I think I’m having a mid-life crisis. I’m 43 years old and I am going through what can only be described as overwhelming feelings of quiet desperation as I look back on years and years of self-doubt and self-flagellation. Outwardly I have a great life – a loving husband, two incredibly beautiful and talented daughters, a supportive family, a comfortable home, financial stability, a small but close group of loyal friends, good health and a range of skills and abilities that mean I ‘can do anything’! And I can. I know in my heart I have the intellect, the physical abilities, the creativity, the courage and the stamina to do anything I set out to do.

And yet, I feel like someone who has spectacularly underachieved – someone who has ‘so much potential’ yet so little self-belief. Not that I want to go around ‘blowing my own trumpet’ or ‘getting too big for my boots’ or achieving celebrity status (now that would be pushing it) – I just want to feel I am making a difference in the world – that I am putting my wealth of God-given talent to good use – that I am fulfilling my purpose. I am tired of thinking small - I want to 'think big' – to stop apologising and to embrace everything that I am, even the parts that I wish I could change but I know that in order to find peace I must accept – simply because they are me.

Perhaps it has something to do with ‘tall poppy syndrome’ – rather than standing out from the crowd and achieving greatness, I would rather downplay my talents to avoid being in the spotlight. I was taught that modesty and humility were values to strive for but I think I’ve turned them into a habit of perpetual self-effacement. I have always abhorred being singled out in class as an example of someone who ‘can do it’…right back to my primary school days when I got full marks for my tests, and sailed through the end of year exams, to yesterday when my yoga teacher asked me to demonstrate a pose which required a certain degree of flexibility and strength (perhaps the 10 years of practice helped). I would rather curl up in a ball! I so dread being thought of as someone who thinks she is superior, all I want is acceptance and connection – a shared struggle, a common battle is what forms friendships and builds bridges.

So with this fear comes a tendency to do the bare minimum, to achieve less, to blend in with the masses simply so that I can feel like I belong. But more and more I feel a growing, gnawing, agonising sense that I am shrinking, day by day – that soon I will be completely invisible. Perhaps this is part of the 40-plus stay-at-home-Mom-syndrome – all of a sudden one’s circle of influence diminishes to the immediate family and every waking moment is devoted to ensuring that they are happy, healthy and well fed – a role I wouldn’t change for anything but at which I feel I spectacularly fail on a daily basis (try getting a 5 year old sugar junkie to eat her greens)!!

Or perhaps there is more to it.
Perhaps this gnawing agony is a call to Do Something.
Do Anything.
Just Do it Well.
See it Through to Completion.
Stop being Afraid of your Own Amazing Self.
Because when you’re 43 and you planning on living to 100, there is still plenty of time to Change the World.
Or at least your Part of it.


  1. wow what a very poignant post. I am 47 and feel I am disappearing completely, my eldest went to university this two months ago and I feel completely lost and wondering what to do with my life, don't know what the answer is but I do think it is part of the stay at home mum syndrome - not being needed anymore etc. 43 is young!!

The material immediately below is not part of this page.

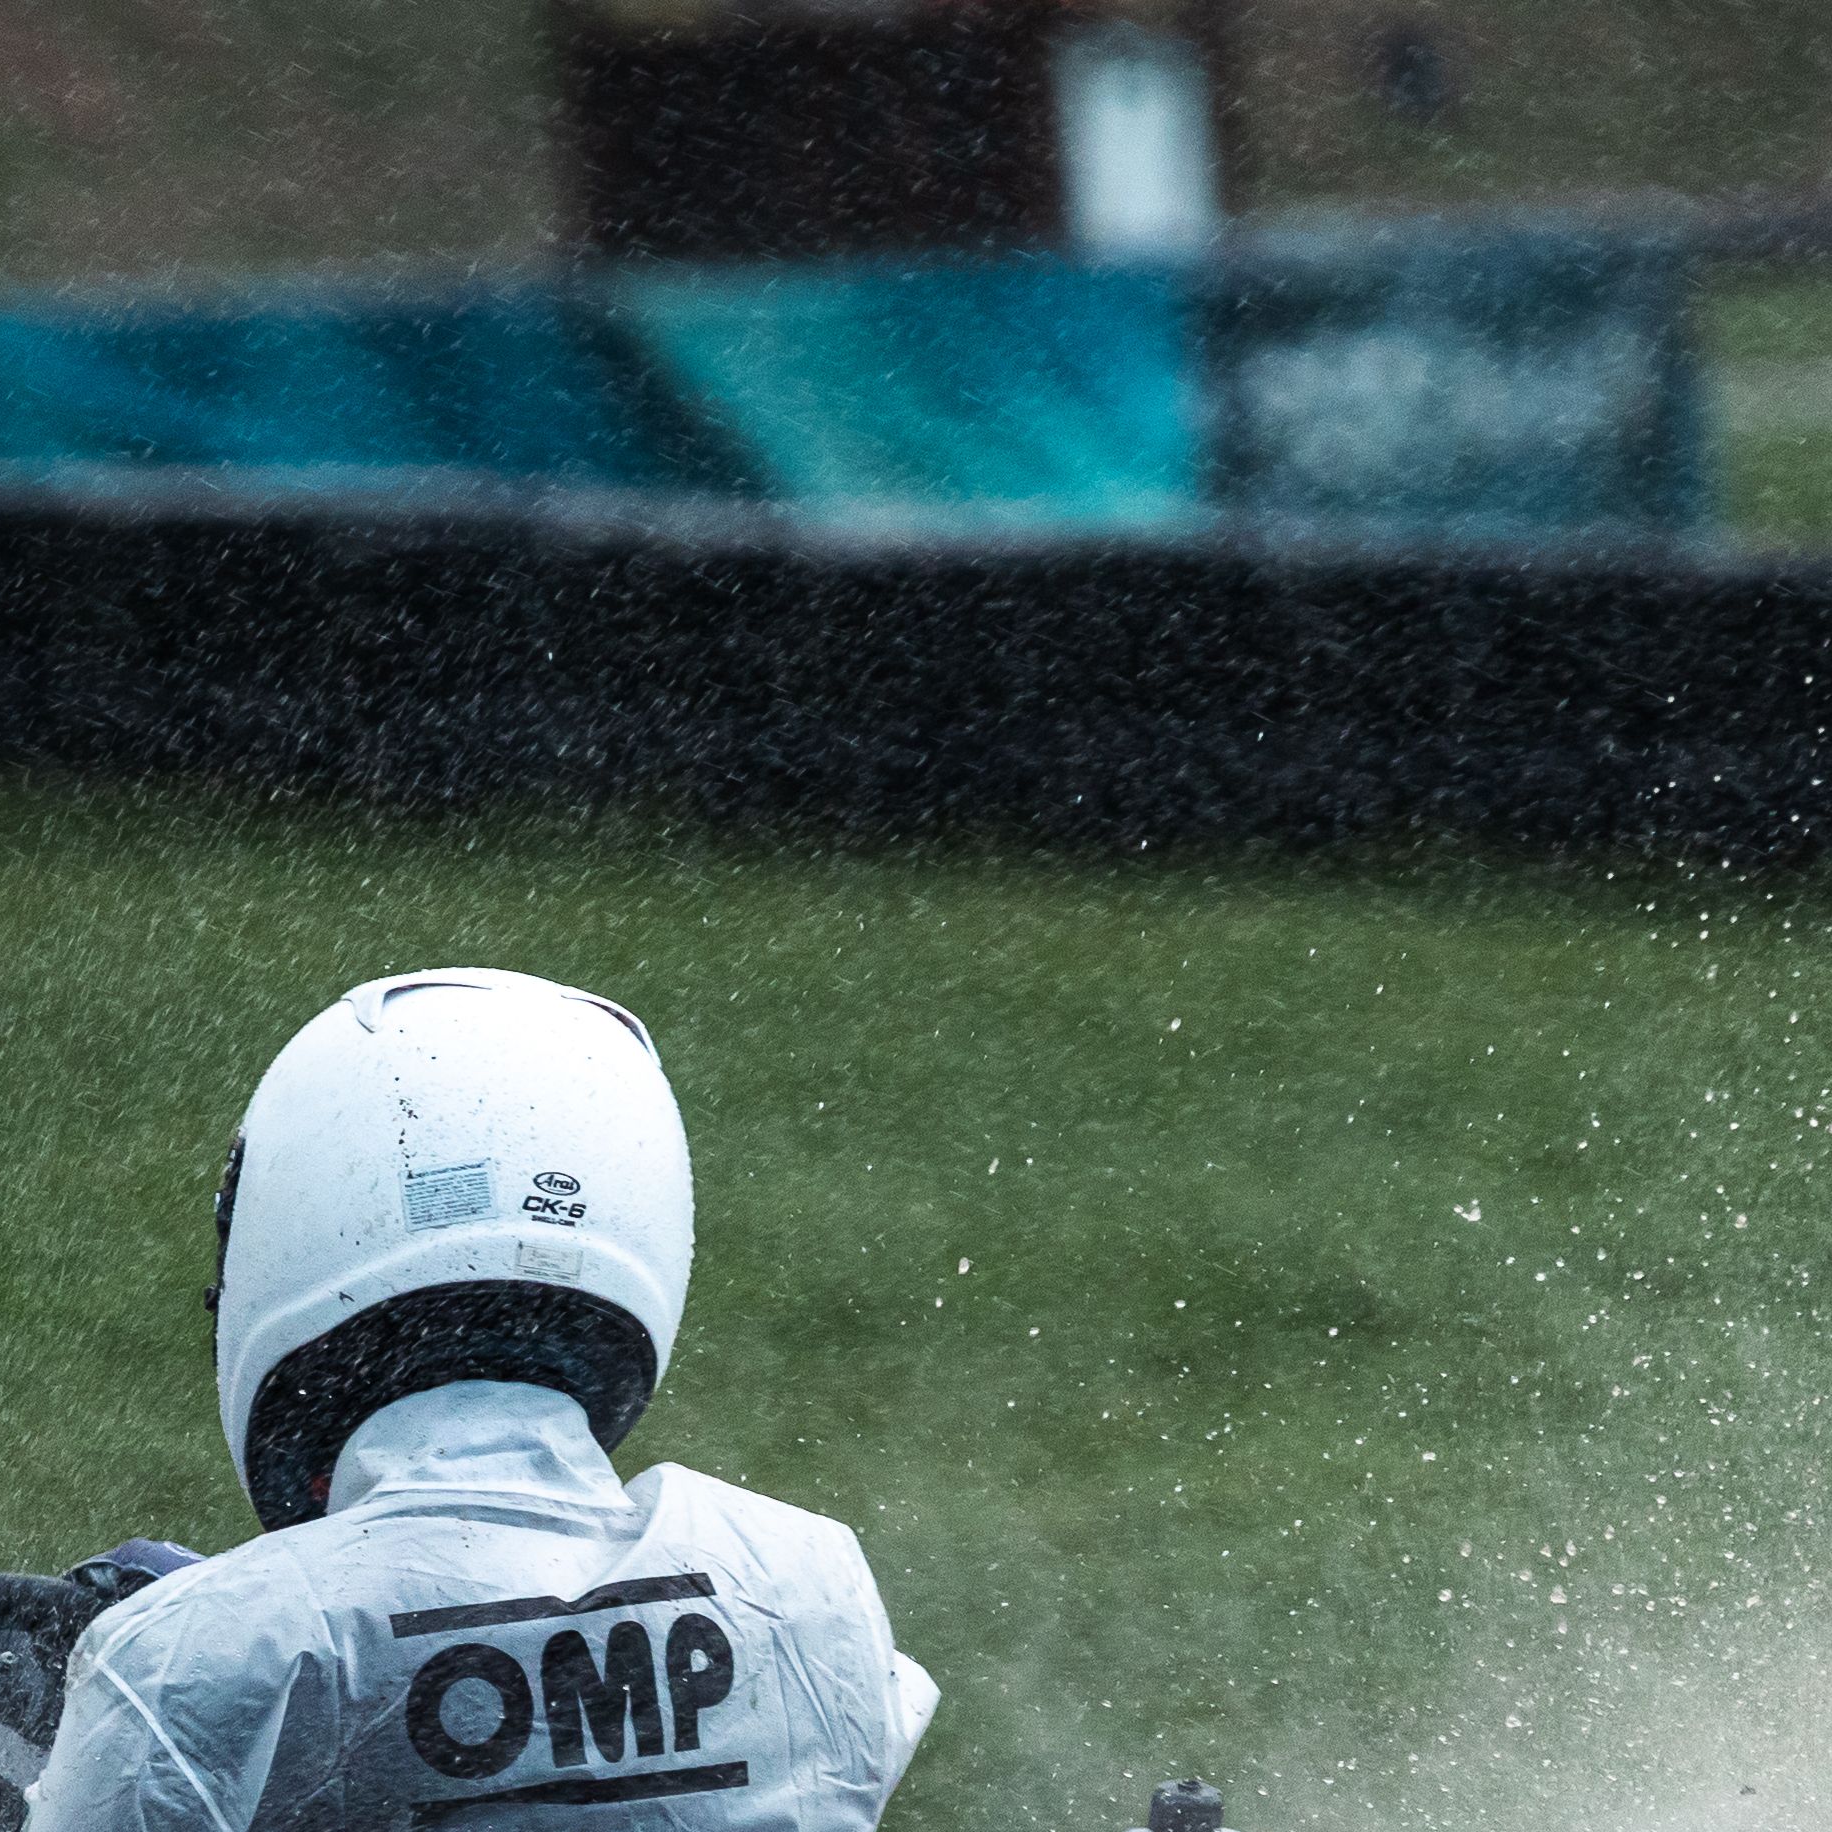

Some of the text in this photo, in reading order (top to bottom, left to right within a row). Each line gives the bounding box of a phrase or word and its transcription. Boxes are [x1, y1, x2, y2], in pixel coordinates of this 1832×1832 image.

  2. When I read your text I can feel your feelings although I'm "only" 29 years old/young. I'm not a mum yet and if it looks like I'll not become a mum in next few years.

    Human beings always ask for a why and I'm not a difference. I'm sure there isn't a crisis in your life. It is just another question that have to be answered. I hope you can find your answer.

    Think big and change your part in this world :-)

  3. Thank you so much for sharing this--sharing where you are and how you feel. I am 43 and although I am not a mum, still I empathize.

    I am not sure that I think I'm disappearing, but I feel like I am morphing into something or someone who is unrecognizable to myself. I am sure I will work this out and I will come out of this cocoon all right. You sound strong and self-aware and like you have a good support system in place. Give yourself some space. Be proud of your accomplishments and let them shine. Be the tallest, reddest poppy that you can be. What have you got to lose except your feelings of dread about your shrinking self?

    I don't mean or presume to give advice. But I really hope that you can "stop being afraid of your amazing self". Because I think you are amazing and I only know you through your blog and your photography.

    So I will wish you all the best and say "ganbatte" which (if you don't already know) means--do your very best through all of this. I will be cheering you on and remembering your words from this post as I struggle with my own mid-life morph.